= Task prompt =
Print out every entry that follows, exactly as written.

= Exercise input =
━━━━━━━━━━

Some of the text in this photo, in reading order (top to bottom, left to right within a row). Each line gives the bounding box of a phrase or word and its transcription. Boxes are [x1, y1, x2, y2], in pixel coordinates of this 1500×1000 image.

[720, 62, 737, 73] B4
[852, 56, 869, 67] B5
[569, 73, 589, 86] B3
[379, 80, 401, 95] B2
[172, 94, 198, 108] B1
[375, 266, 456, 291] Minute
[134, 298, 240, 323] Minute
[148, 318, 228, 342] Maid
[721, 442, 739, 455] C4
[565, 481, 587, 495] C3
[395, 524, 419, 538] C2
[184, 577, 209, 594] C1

━━━━━━━━━━

= Response box =
Some of the text in this photo, in reading order (top to bottom, left to right within a row). Each line gives the bounding box of a phrase or word and its transcription. Boxes are [x1, y1, x2, y2], in pixel coordinates of this 1500×1000 image.

[720, 62, 737, 73] B4
[852, 56, 869, 67] B5
[569, 73, 589, 86] B3
[379, 80, 401, 95] B2
[172, 94, 198, 108] B1
[375, 266, 456, 291] Minute
[134, 298, 240, 323] Minute
[148, 318, 228, 342] Maid
[721, 442, 739, 455] C4
[565, 481, 587, 495] C3
[395, 524, 419, 538] C2
[184, 577, 209, 594] C1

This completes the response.